(Items from a dataset)
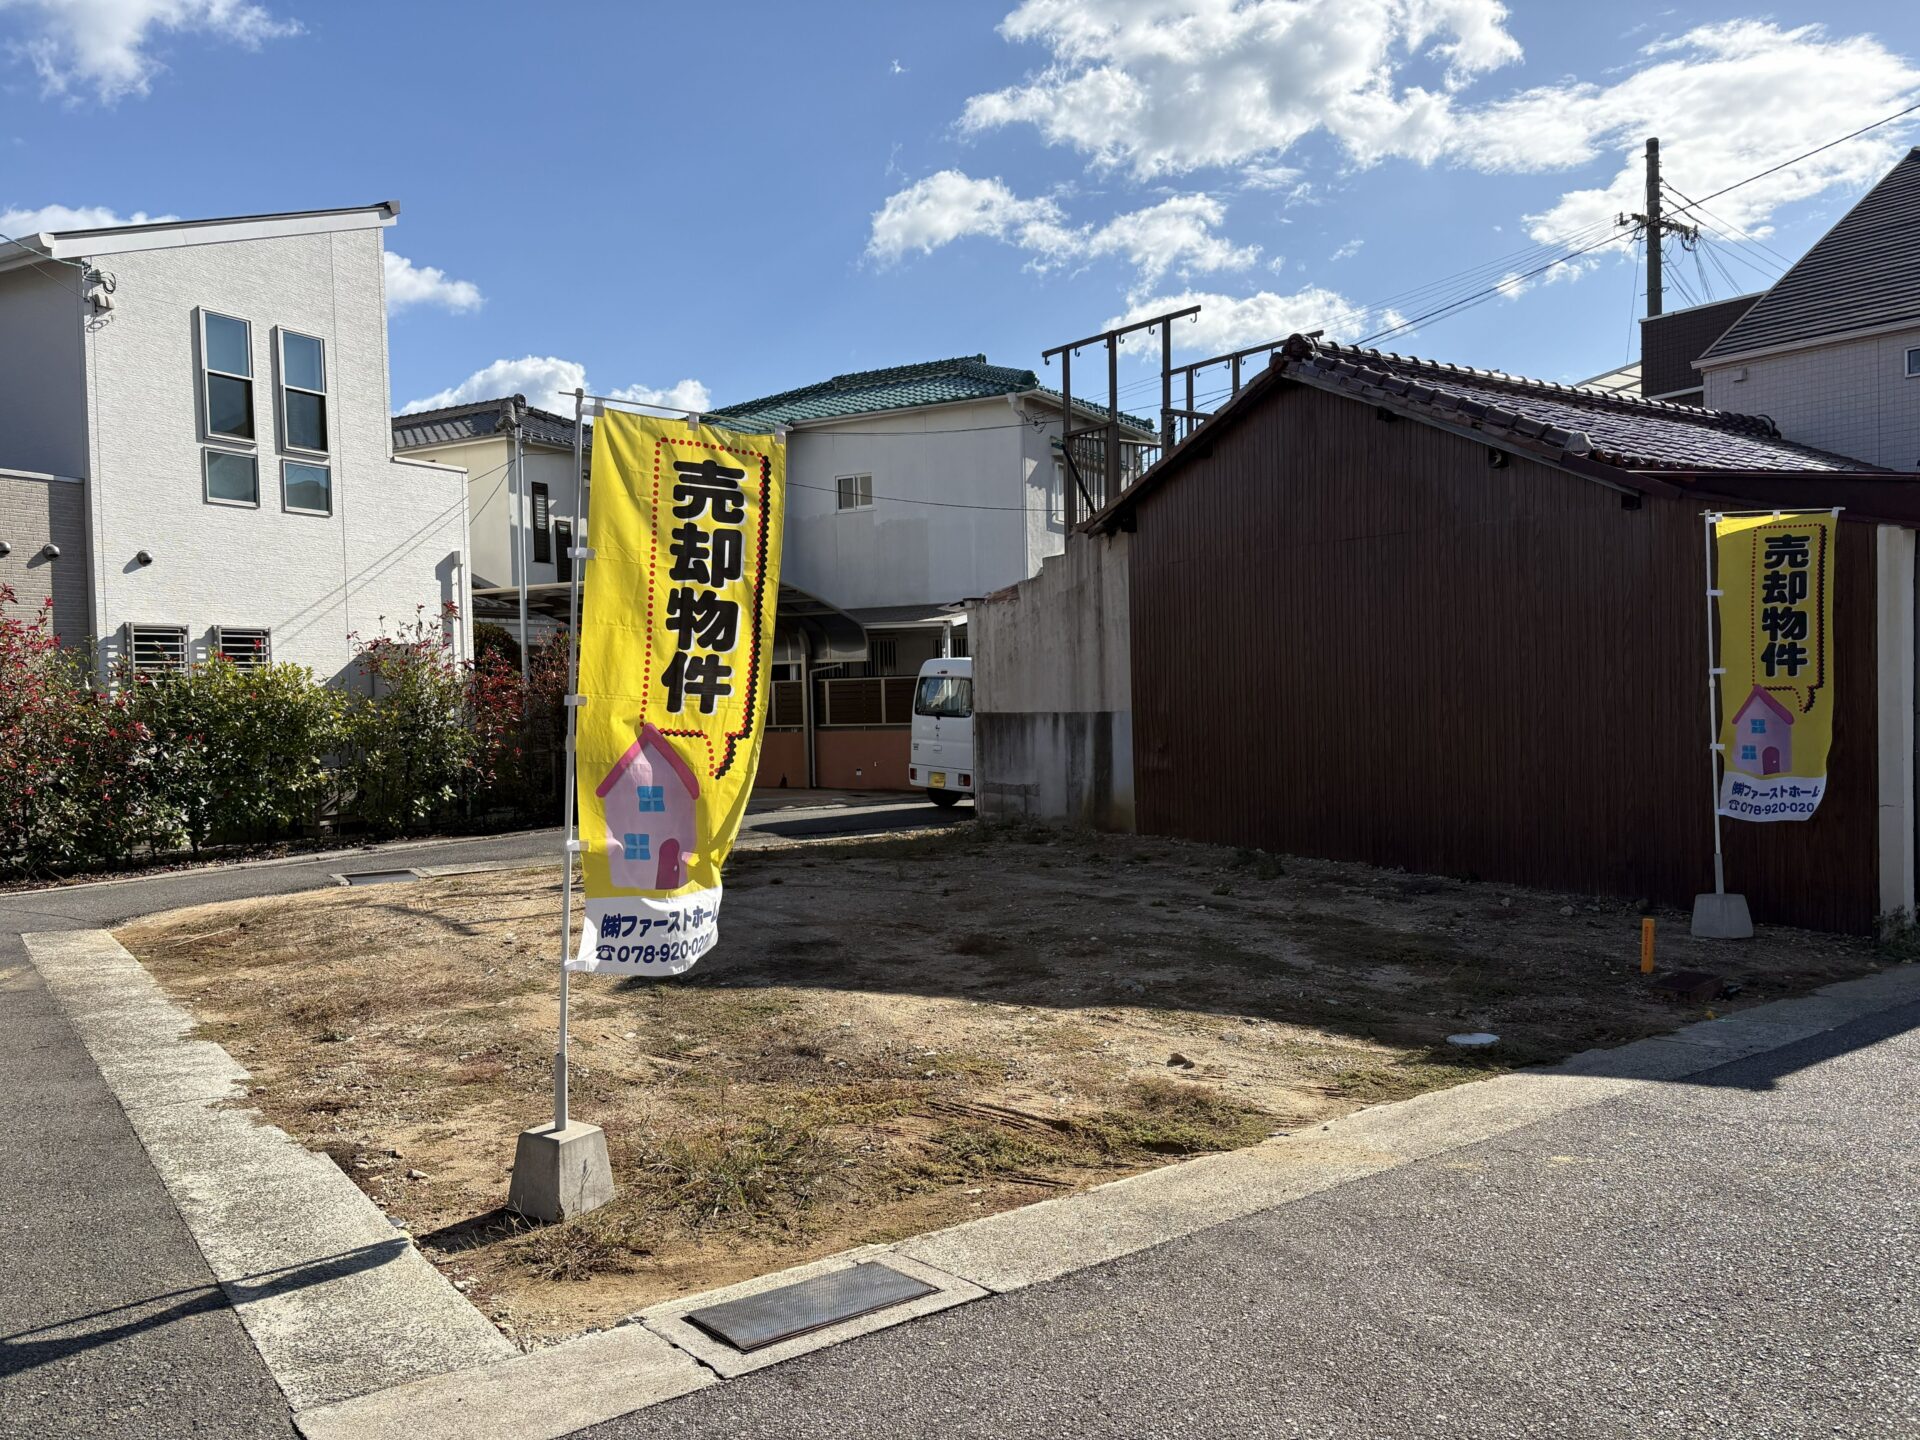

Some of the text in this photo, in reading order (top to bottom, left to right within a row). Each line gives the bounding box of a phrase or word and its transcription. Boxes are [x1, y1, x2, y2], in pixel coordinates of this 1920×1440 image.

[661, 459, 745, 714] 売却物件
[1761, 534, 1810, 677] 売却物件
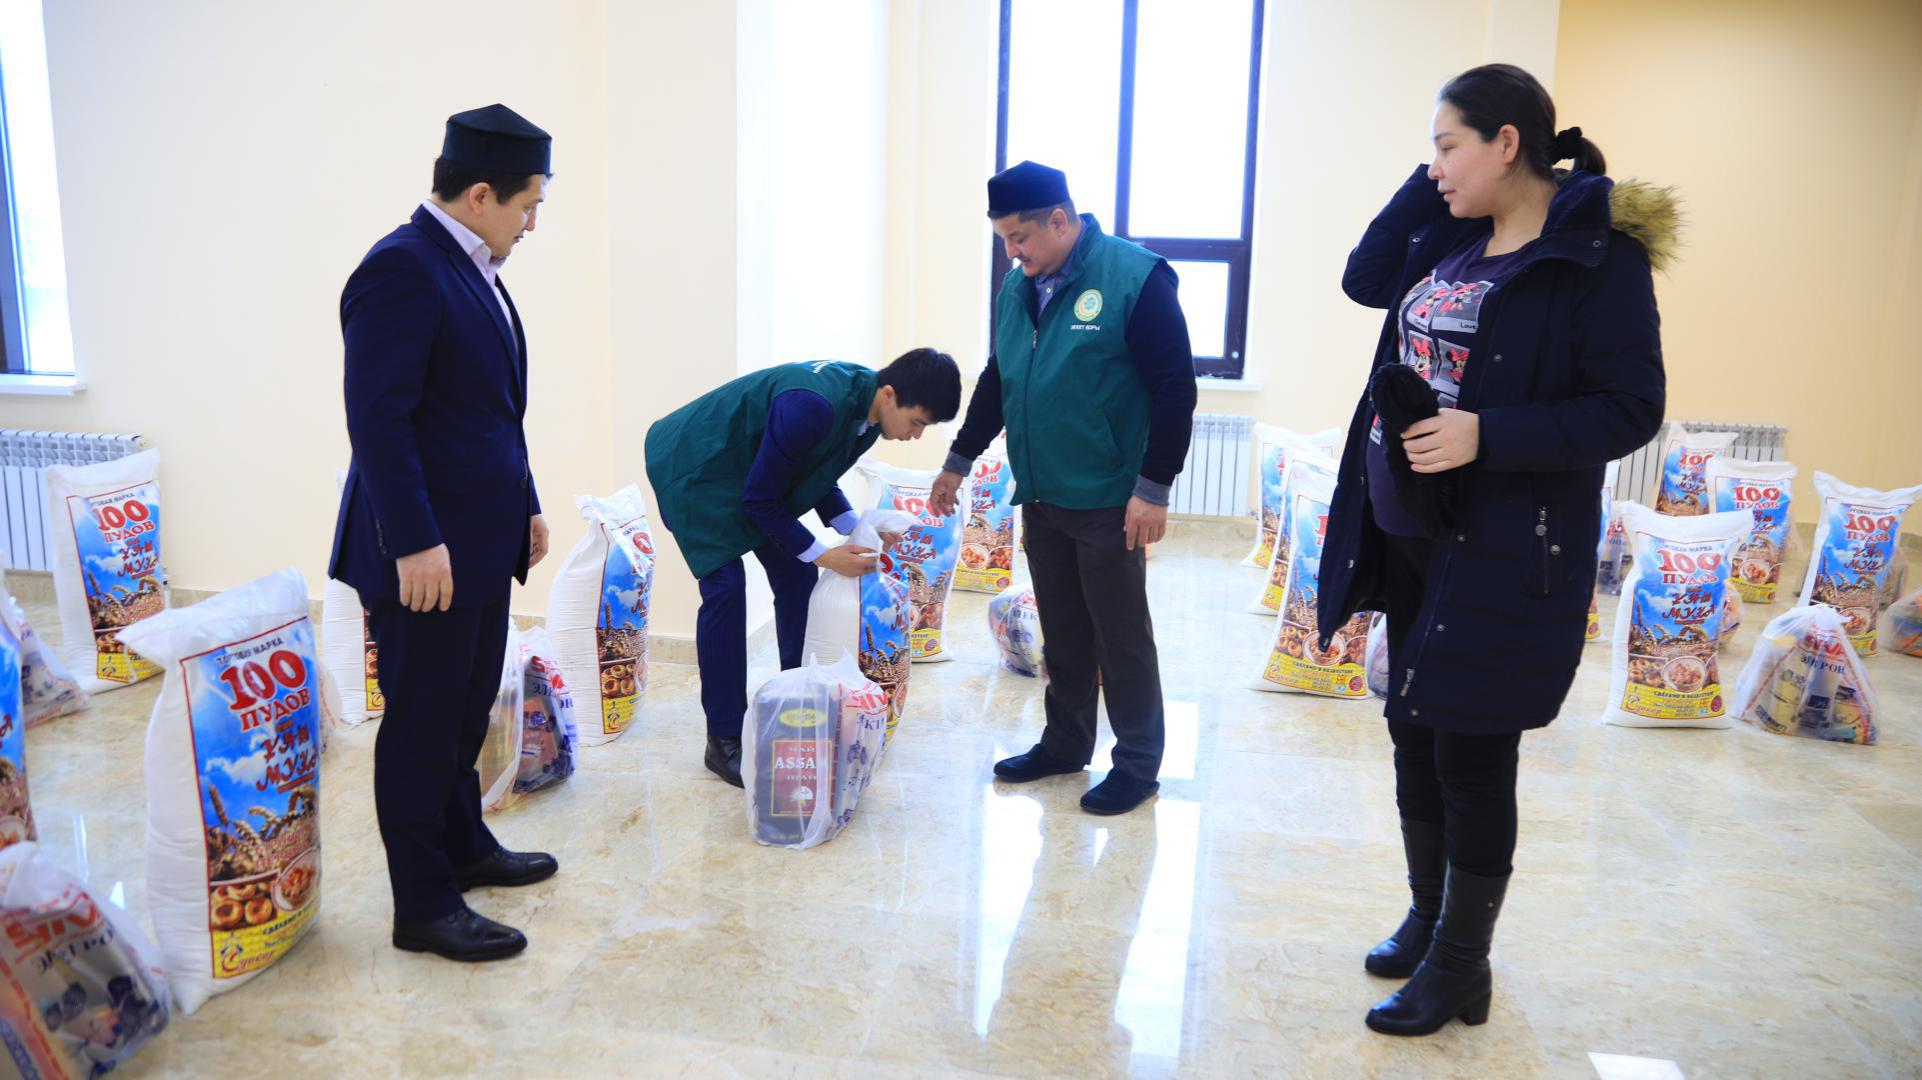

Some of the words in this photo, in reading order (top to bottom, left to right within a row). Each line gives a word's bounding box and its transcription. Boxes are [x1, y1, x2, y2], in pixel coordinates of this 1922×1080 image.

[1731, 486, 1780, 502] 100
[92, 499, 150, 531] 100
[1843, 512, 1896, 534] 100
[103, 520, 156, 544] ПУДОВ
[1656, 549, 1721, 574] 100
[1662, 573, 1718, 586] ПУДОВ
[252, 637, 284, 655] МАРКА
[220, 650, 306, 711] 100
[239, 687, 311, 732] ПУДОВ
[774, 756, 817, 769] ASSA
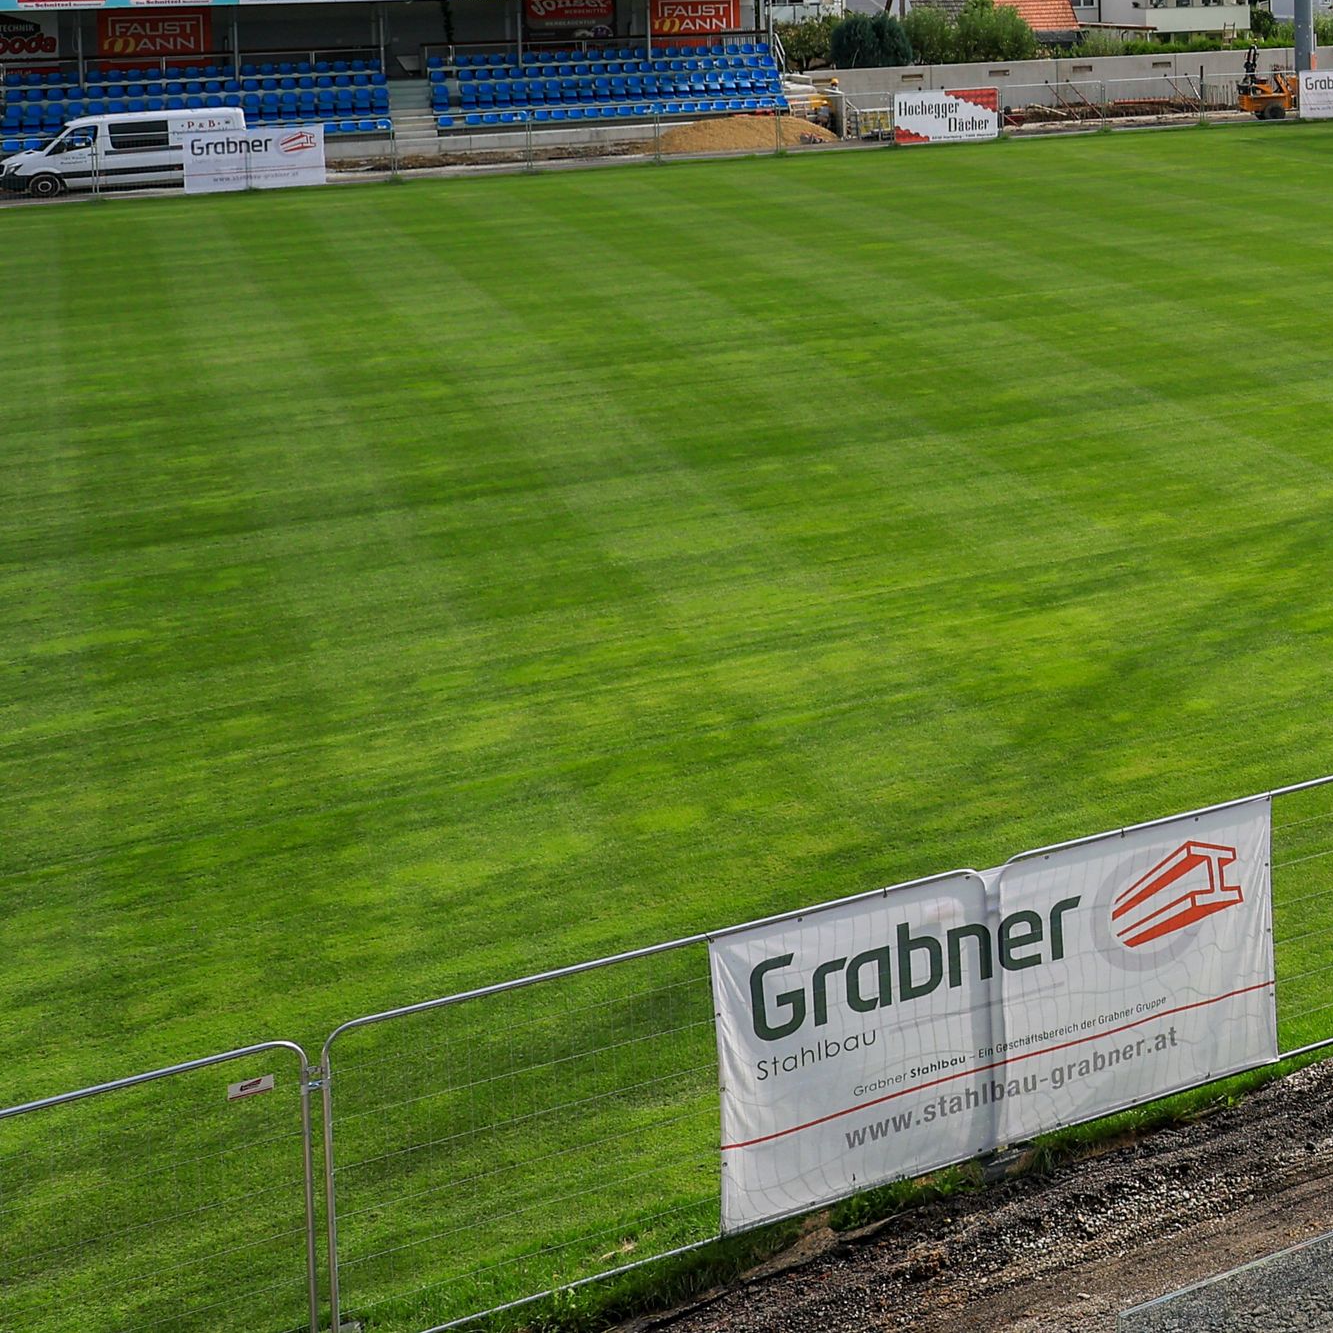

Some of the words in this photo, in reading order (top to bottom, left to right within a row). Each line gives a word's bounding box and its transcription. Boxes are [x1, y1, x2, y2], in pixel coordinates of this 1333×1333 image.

• **Problem requirements**:
Could you output every record above exactly as written, leaving out the pictures?

• **Worked solution**:
Some of the text in this photo, in reading order (top to bottom, left to right within a row). Each line gives the bounding box of a phrase or word and its transcription. Boxes are [x1, y1, x2, y2], in pixel coordinates of this 1920×1440 image.

[661, 459, 745, 714] 売却物件
[1761, 534, 1810, 677] 売却物件

Some of the words in this photo, in reading order (top to bottom, left to right within a row). Each line gives a word's bounding box and its transcription. Boxes are [x1, y1, x2, y2], in pixel coordinates of this 1922×1080 image.

[1731, 486, 1780, 502] 100
[92, 499, 150, 531] 100
[1843, 512, 1896, 534] 100
[103, 520, 156, 544] ПУДОВ
[1656, 549, 1721, 574] 100
[1662, 573, 1718, 586] ПУДОВ
[252, 637, 284, 655] МАРКА
[220, 650, 306, 711] 100
[239, 687, 311, 732] ПУДОВ
[774, 756, 817, 769] ASSA

Some of the words in this photo, in reading order (top to bottom, left to right within a row). Each line gives a word's bounding box and its transcription. Boxes are [x1, y1, x2, y2], in pixel coordinates of this 1333×1333 image.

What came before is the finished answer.